Jeff Green | Dec 08, 2011
Project manager to help kick-start AH township office/fire hall project.
Members of Addington Highlands Council spent almost 30 minutes at their Dec. 5 meeting talking their way to a decision about how to get a major building project underway.
Thus far the township has issued two separate “Request for Proposal” (RFP) documents for architectural services related to building a combined township office and fire hall on a piece of property that the township has purchased on Hwy. 41, just south of Northbrook.
Each time the responses that came back envisioned buildings that are larger and more expensive than the township is able to finance, leaving council unsure of how to proceed.
“I think we would be better off with a design-build model where we have one single contract, rather than getting an architect to design the building and then having to go to tender to find someone to build it,” said Reeve Henry Hogg. “With a design-build RFP we would be able to choose from a number of designs, but if we hire an architect we will be stuck with a single design.”
“I think that if you hire an architectural firm to do what is their specialty, their entire business, you will get a better product in the end,” said Councilor Tony Fritsch.
“Whatever we decide, we’d better get something going if we want to get something built,” said Deputy Reeve Bill Cox.
“I don’t have the expertise to deal with this. I think we need some help,” said Councilor Helen Yanch.
“We definitely do need some expertise to move forward with this,” said Henry Hogg.
Council decided to canvas Jewell Engineering and a number of other firms to get the best price on project management services. The project manager will then prepare an RFP for architectural or design-build services.
When contacted later by phone, Reeve Hogg said that he is hoping to get this project well underway, if not completed within the next year.
The township only has limited amounts in capital reserve funds for the project, so it will have to borrow money to complete it. There are no estimates as to the final costing for the project.
Municipal Affairs delivers ‘non’ report card
Stephen Seller, who works out of the provincial Ministry of Municipal Affairs in Kingston, brought what he called a snapshot financial report to Addington Highlands Council.
“Ultimately you folks are responsible for making financial decisions. We do this report to give you a sense of how your numbers compare to other similar townships,” he said.
Sellers explained that, using data from 2010, which he acknowledged was dated, he looked at eight different financial categories and assigned levels of risk to the township.
In most categories, Addington Highlands is facing what Sellers called “low or minimal risk”. This includes the level of debt as compared to revenue, and total reserve funds as a percentage of expenses. In one category, however, there is some concern, and that one is the percentage of tax arrears. Expressed as percentage of taxes receivable, tax arrears now stand at 23% in the township, and that number has been increasing bit by bit over the last three years.
“Tax arrears have always been in the 20% range in your township, which is pretty high, but they have gone up a bit lately, perhaps as a reflection of the overall economy, and for that reason I put you in the high risk category,” Sellers said.

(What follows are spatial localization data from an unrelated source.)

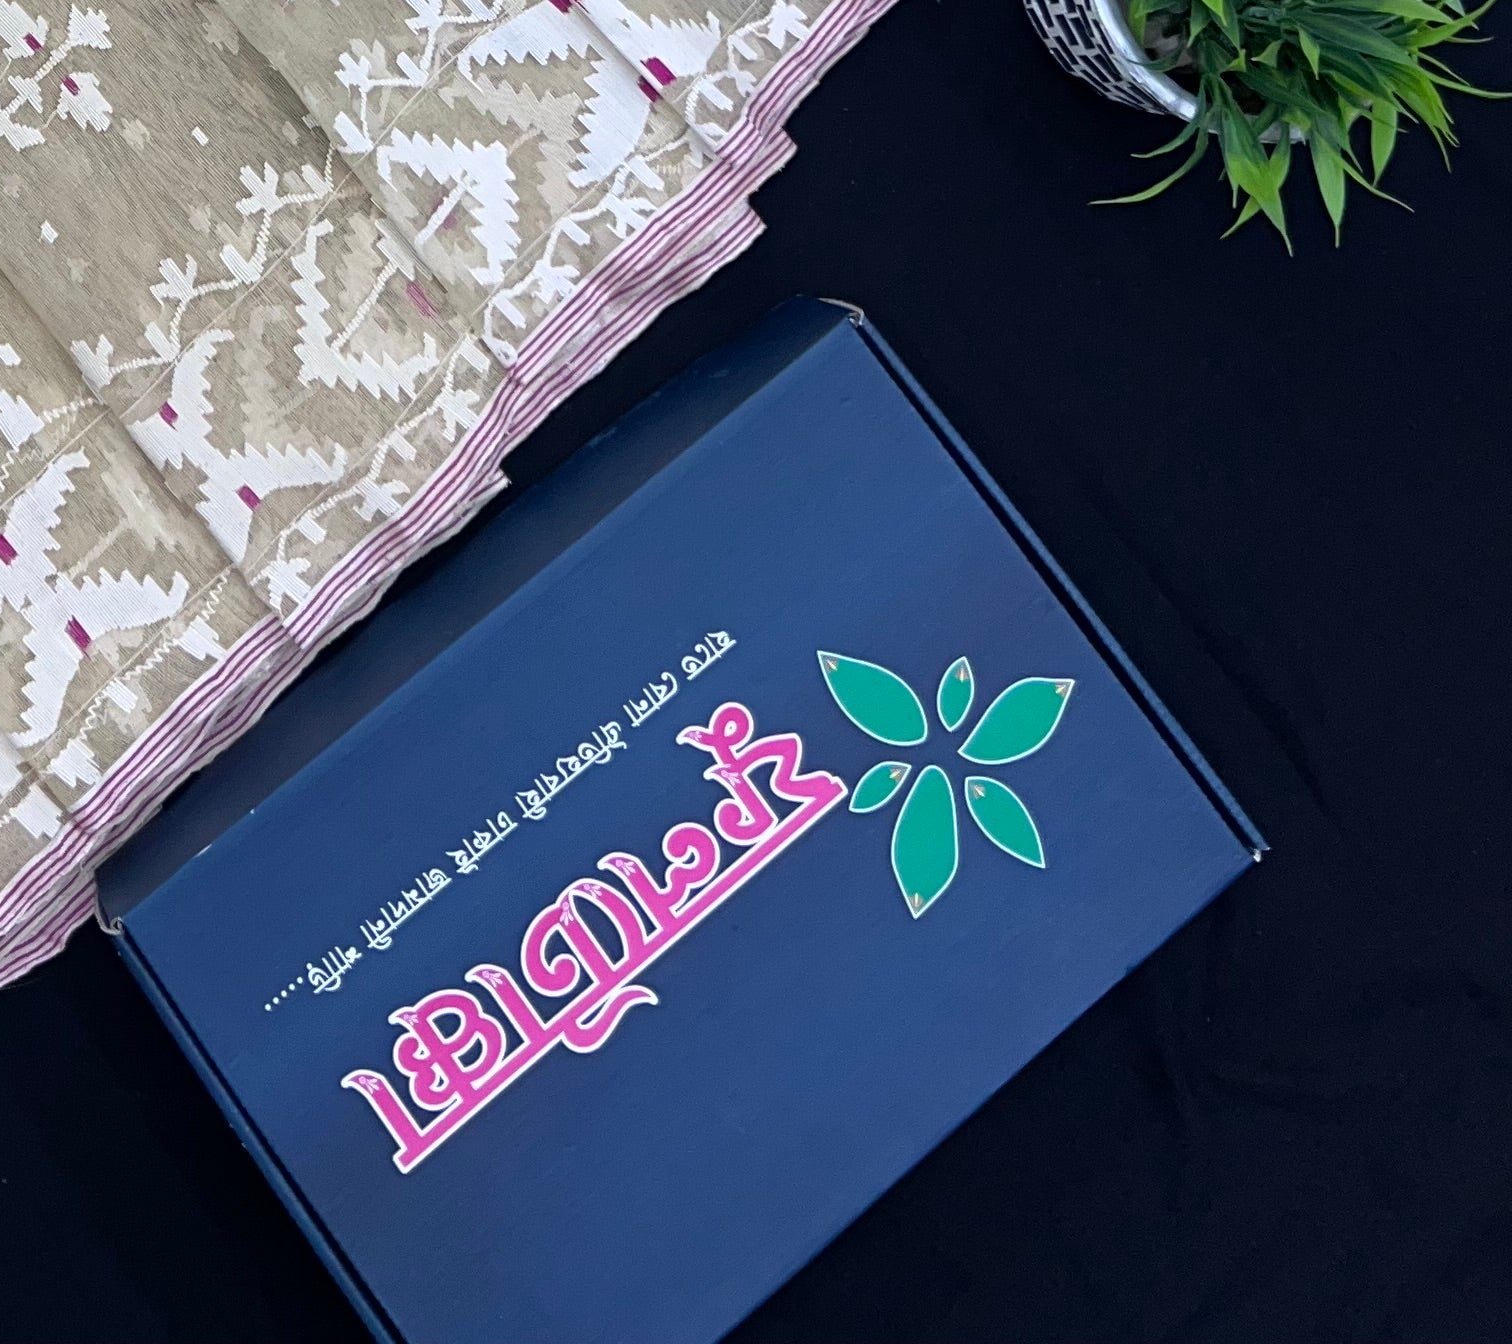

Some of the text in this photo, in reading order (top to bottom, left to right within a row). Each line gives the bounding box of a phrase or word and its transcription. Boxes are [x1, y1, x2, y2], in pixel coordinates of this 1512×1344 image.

[681, 630, 737, 681] হাতে
[622, 671, 678, 728] বোনা
[514, 721, 627, 821] ঐতিহ্যবাহী
[445, 811, 519, 874] ঢাকাই
[340, 701, 849, 1175] ফুলটোক্কা
[359, 868, 452, 950] জামদানী
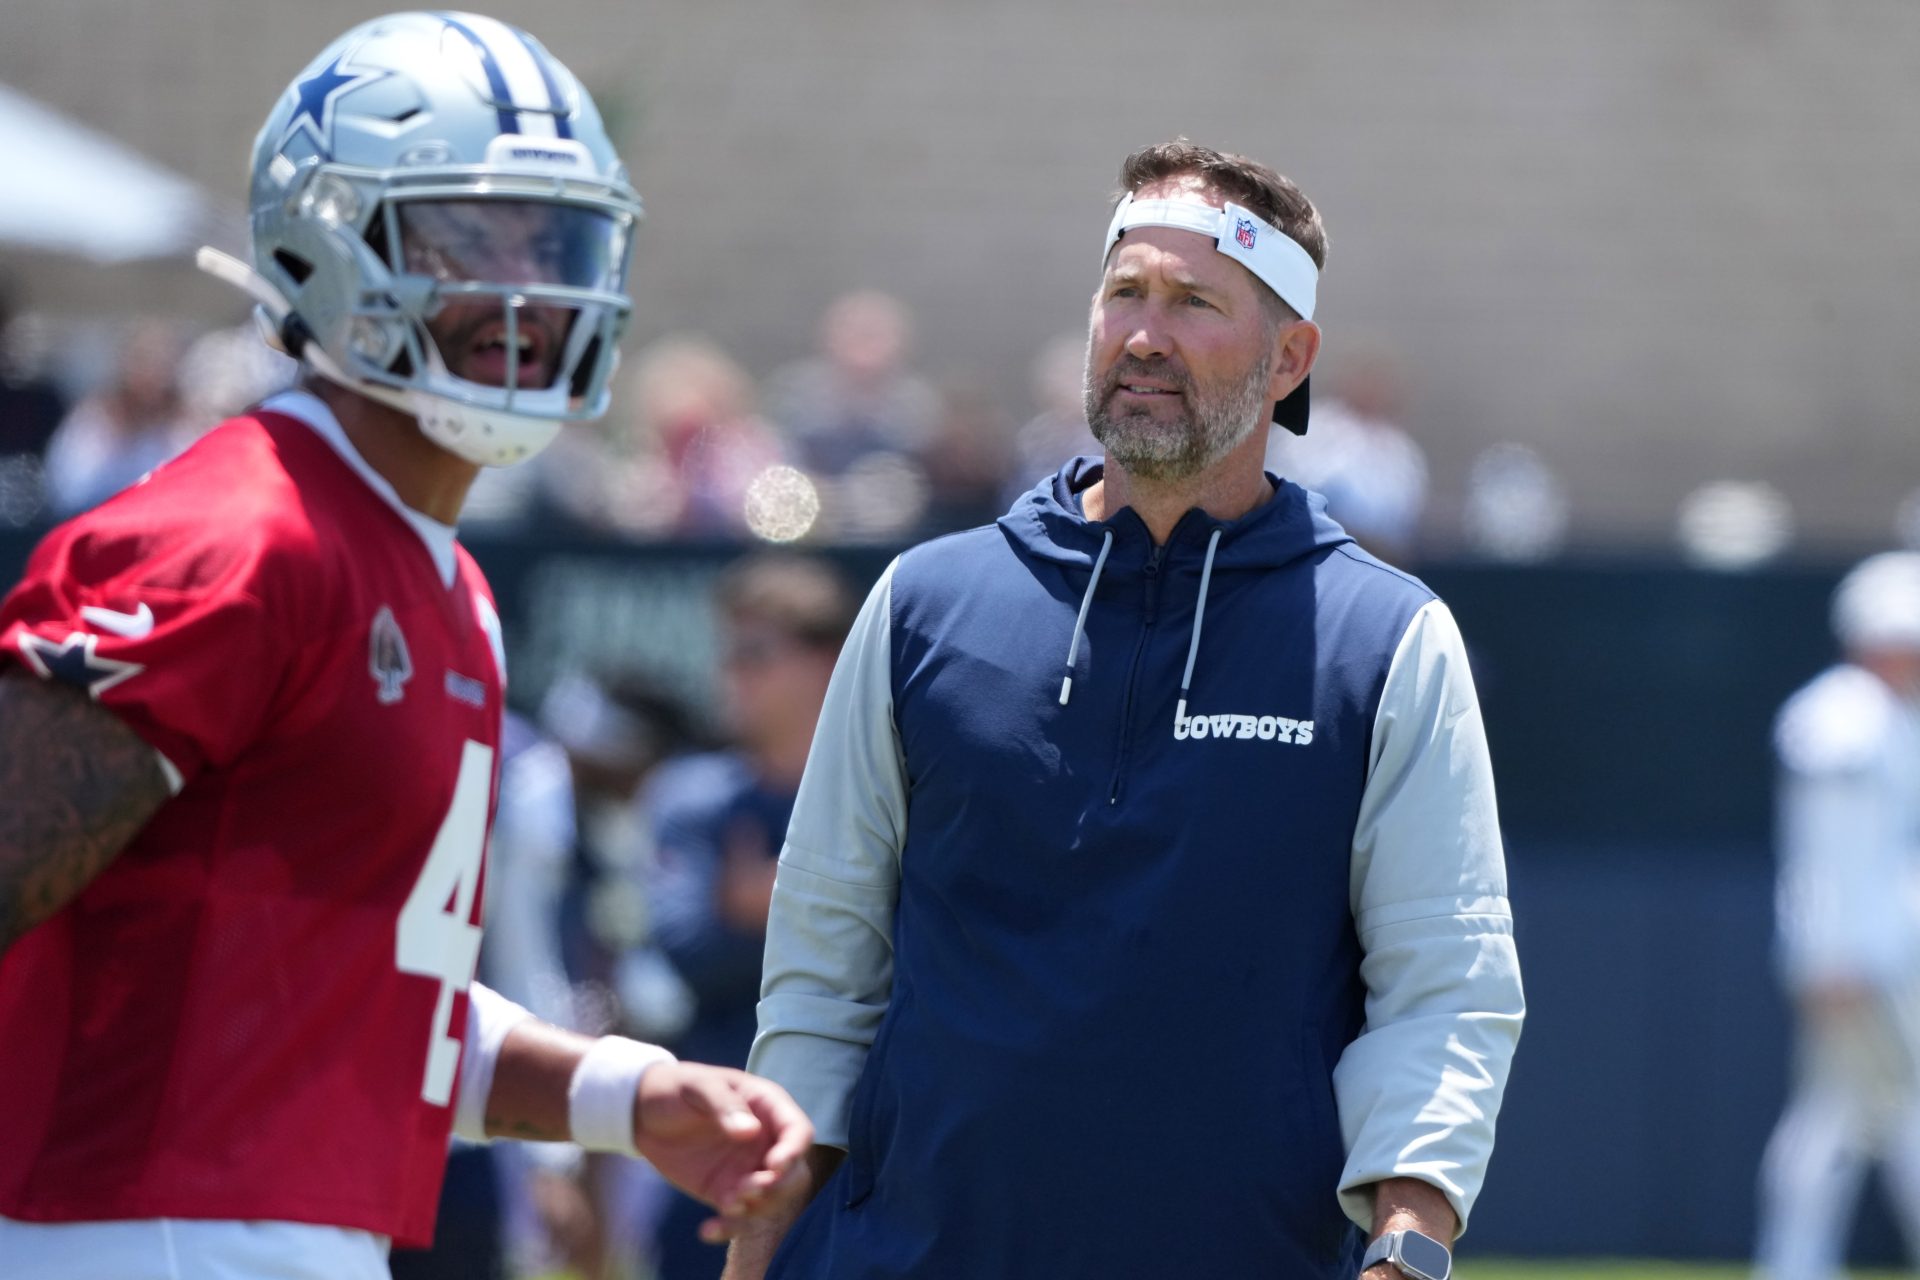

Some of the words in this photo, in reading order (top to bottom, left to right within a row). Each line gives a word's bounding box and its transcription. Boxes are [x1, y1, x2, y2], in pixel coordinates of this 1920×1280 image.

[1237, 228, 1255, 247] NFL
[1174, 714, 1314, 745] COWBOYS
[396, 739, 493, 1106] 4
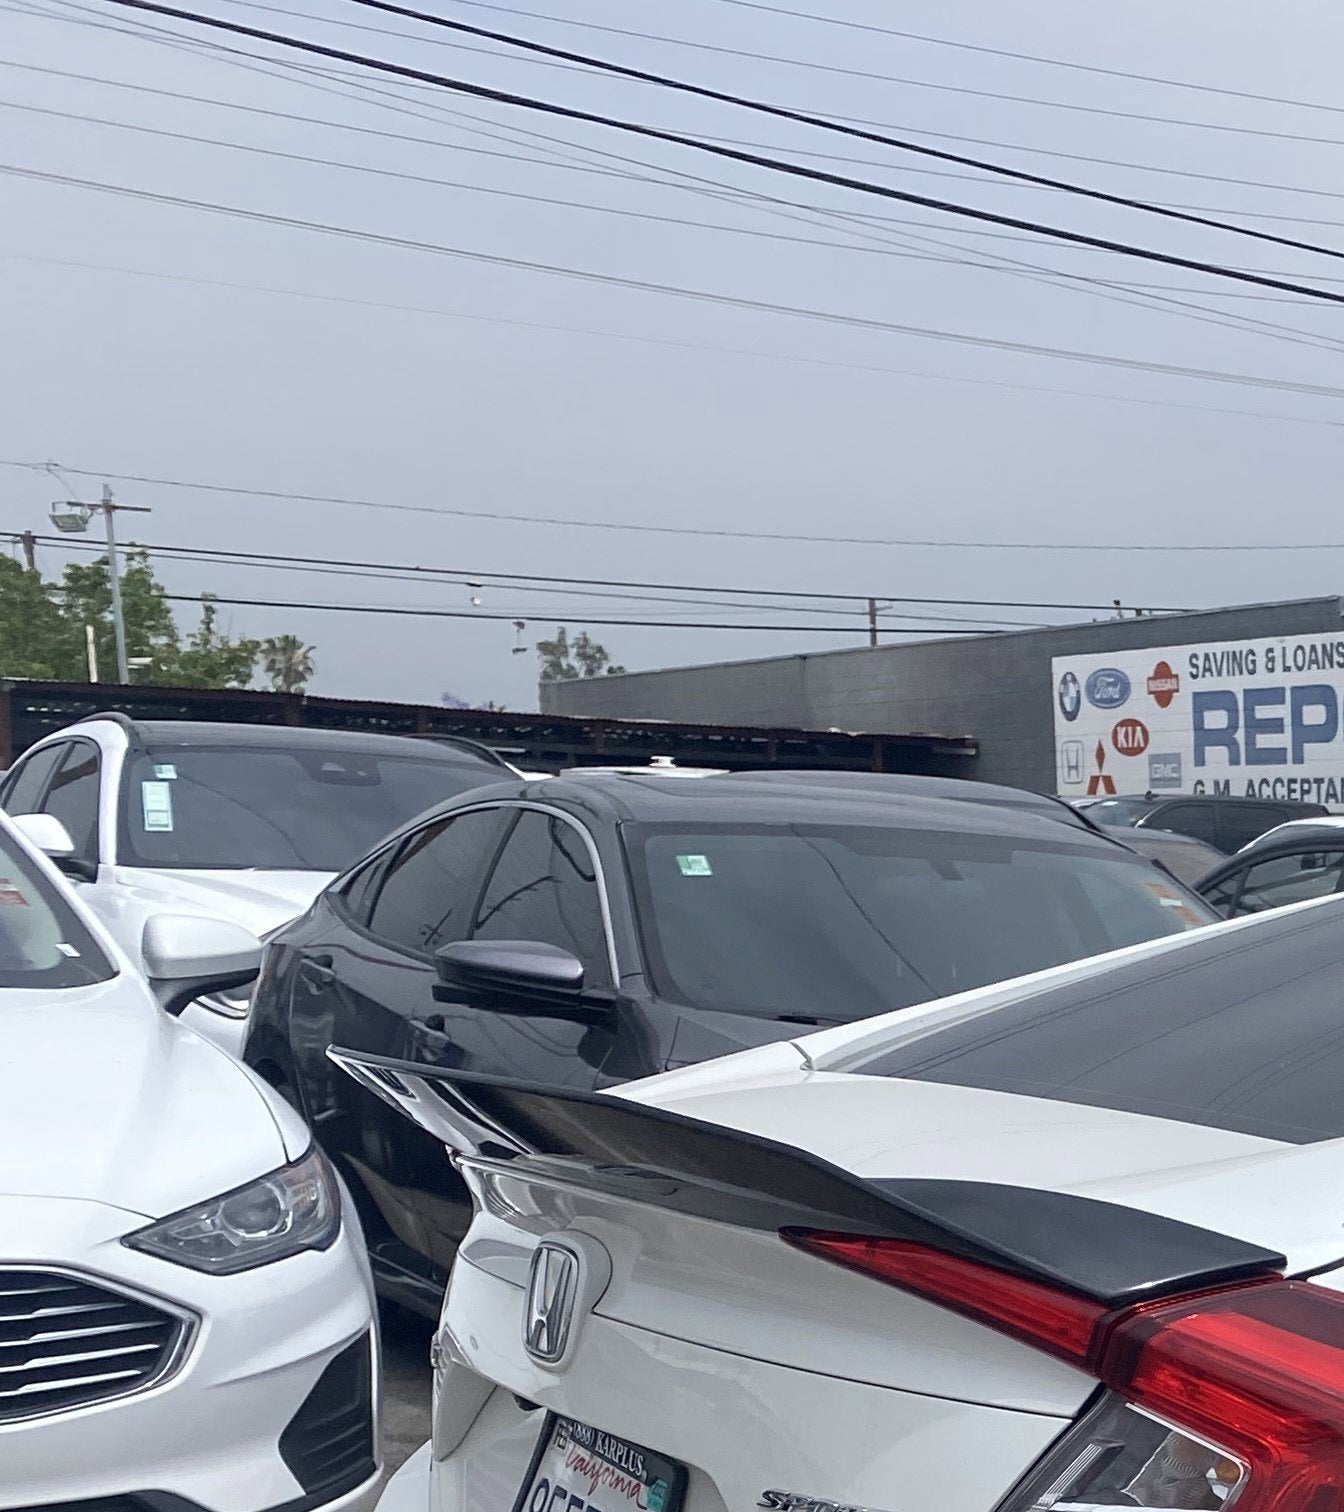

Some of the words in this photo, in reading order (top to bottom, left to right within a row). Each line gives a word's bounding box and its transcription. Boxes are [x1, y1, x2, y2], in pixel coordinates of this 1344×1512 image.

“How can we address that?” asked Bill Cox.
“Some townships get aggressive with tax sales and that tends to bring the percentage down,” Sellers said.
“I don't know if that would be a great idea for us; we might be better off to try and work with people instead,” Cox said.
Strategic Planning – Before leaving, Stephen Sellers said that the ministry is available to facilitate strategic planning exercises for municipalities, as a free service.
Council expressed interest, and will likely be setting up a one-day session in the near future.
Denbigh Community Center - A new filter bed has been installed as part of the renovations to the centre. In addition, with the help of a Trillium grant, the Library will be moving over, and council approved a proposal to move the Denbigh Food Bank to the new center from its current location in the basement of the United Church.
No volunteer for housing advisory – There was a call for council members to join the Prince Edward Lennox and Addington Housing Advisory Committee. Perhaps as a reflection of the committee's bias towards the southern end of Lennox and Addington, none of the AH councilors volunteered to join the committee.